(Saved entries)

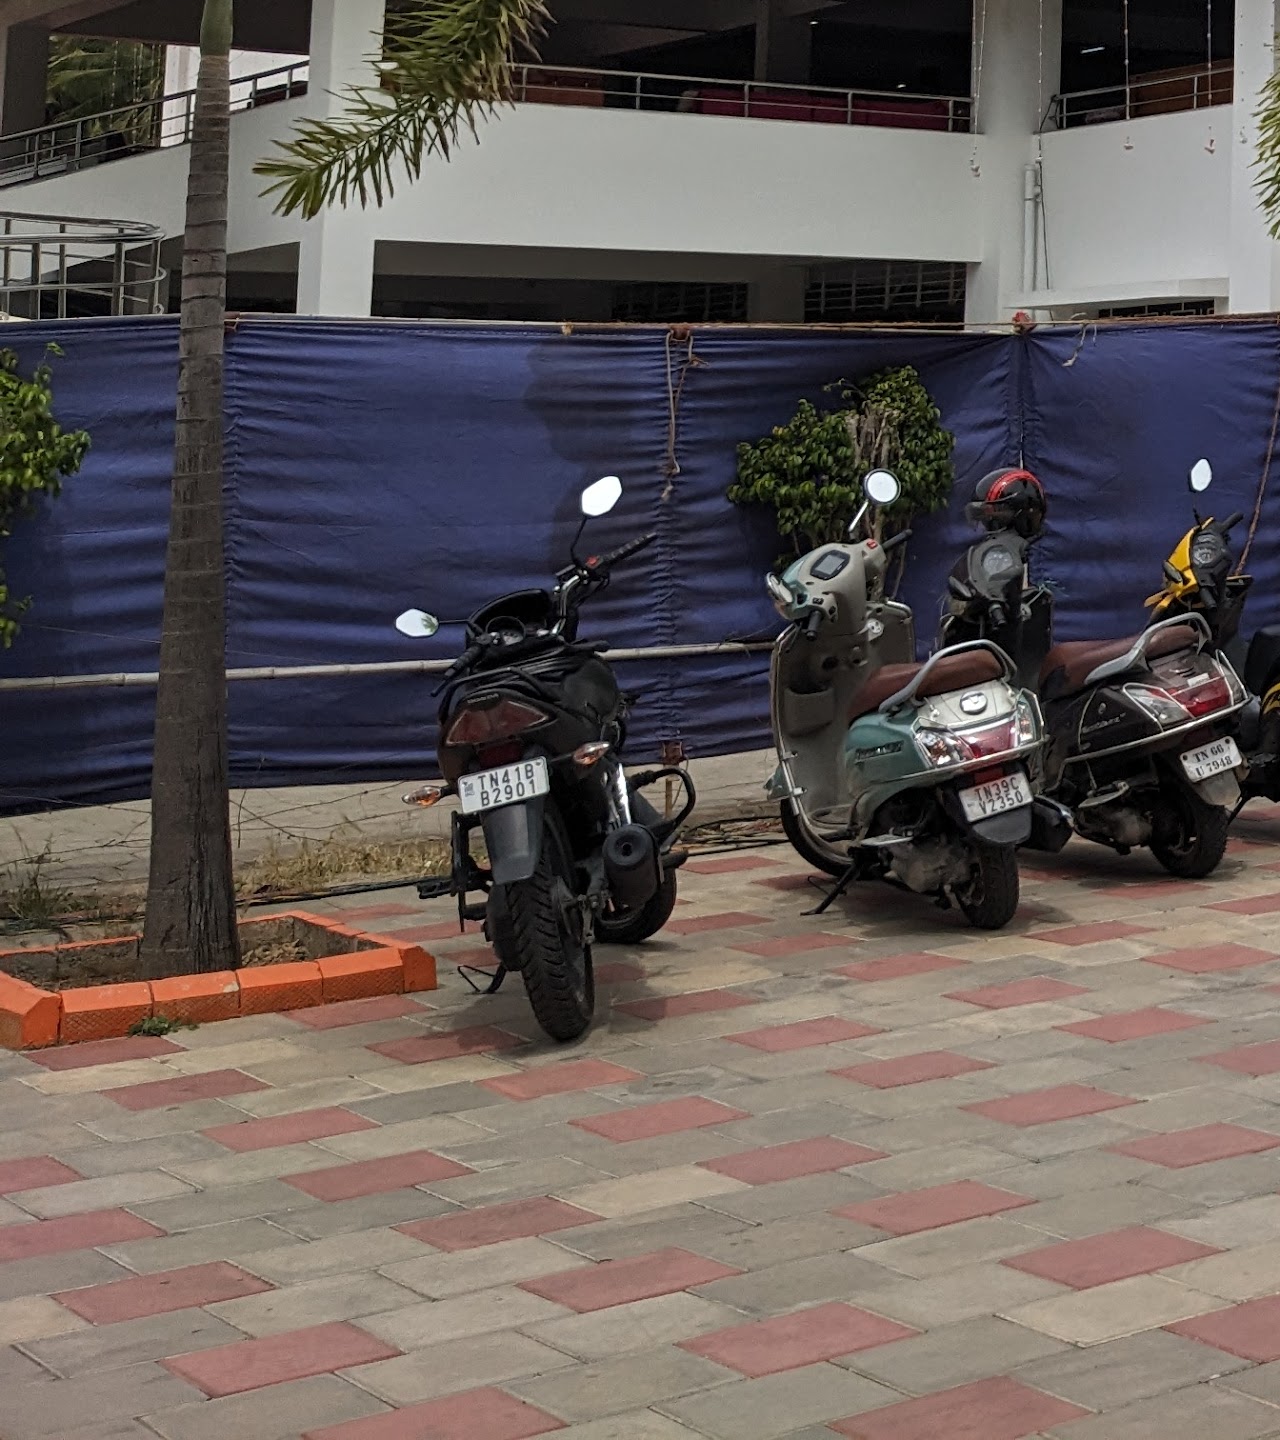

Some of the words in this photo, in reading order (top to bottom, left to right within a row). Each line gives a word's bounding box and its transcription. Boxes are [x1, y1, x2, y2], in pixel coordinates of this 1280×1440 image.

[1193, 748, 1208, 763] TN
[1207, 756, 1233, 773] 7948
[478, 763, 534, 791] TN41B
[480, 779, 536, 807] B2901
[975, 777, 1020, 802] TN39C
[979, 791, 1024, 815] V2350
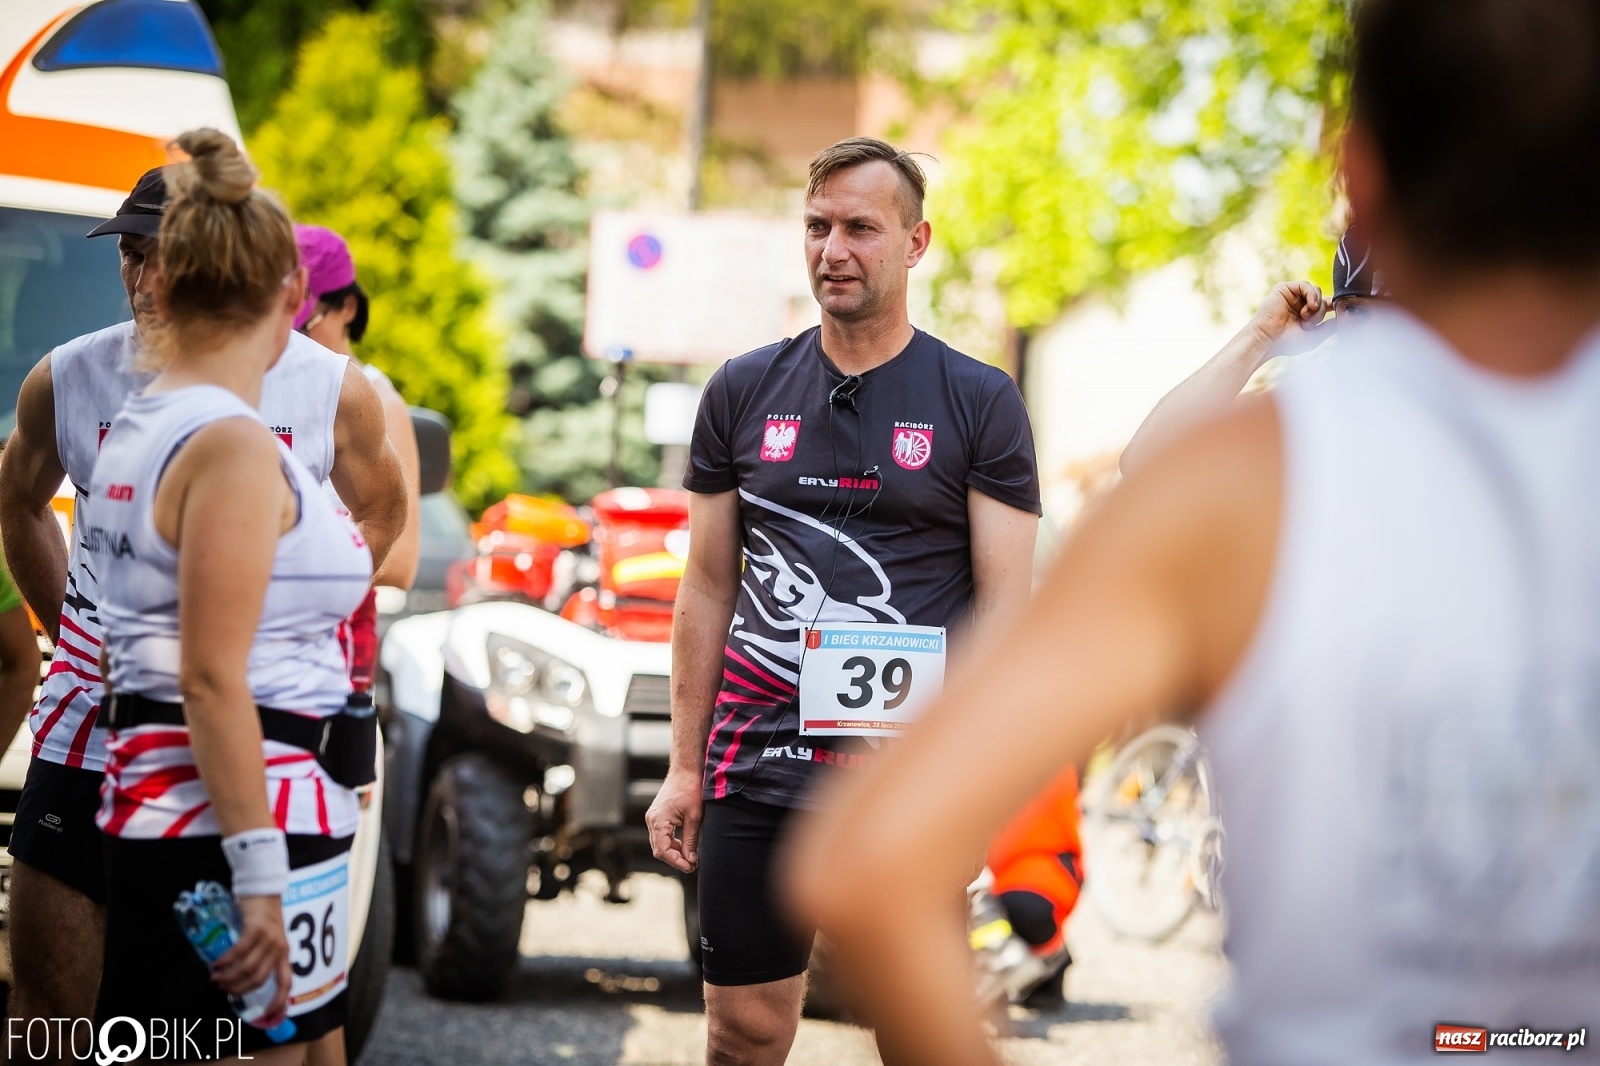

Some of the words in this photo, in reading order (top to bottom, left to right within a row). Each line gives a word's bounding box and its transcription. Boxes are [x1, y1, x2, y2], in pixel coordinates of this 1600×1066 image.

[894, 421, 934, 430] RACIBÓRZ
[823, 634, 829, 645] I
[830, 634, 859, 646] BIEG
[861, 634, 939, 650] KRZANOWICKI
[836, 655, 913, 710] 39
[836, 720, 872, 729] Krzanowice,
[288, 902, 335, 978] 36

## Problem requirements
Without altering anything, output all the lines above but none of the images.

## Answer
Some of the words in this photo, in reading order (top to bottom, left to right within a row). Each line gives a word's bounding box and its transcription. Boxes are [x1, y1, x2, y2], in pixel coordinates of this 1280×1440 image.

[1193, 748, 1208, 763] TN
[1207, 756, 1233, 773] 7948
[478, 763, 534, 791] TN41B
[480, 779, 536, 807] B2901
[975, 777, 1020, 802] TN39C
[979, 791, 1024, 815] V2350

Some of the words in this photo, in reading order (top to bottom, left to right within a row). Each line gives a word's bounding box and its transcription. Boxes are [x1, y1, x2, y2], in pixel coordinates of this 1600×1066 image.

[894, 421, 934, 430] RACIBÓRZ
[823, 634, 829, 645] I
[830, 634, 859, 646] BIEG
[861, 634, 939, 650] KRZANOWICKI
[836, 655, 913, 710] 39
[836, 720, 872, 729] Krzanowice,
[288, 902, 335, 978] 36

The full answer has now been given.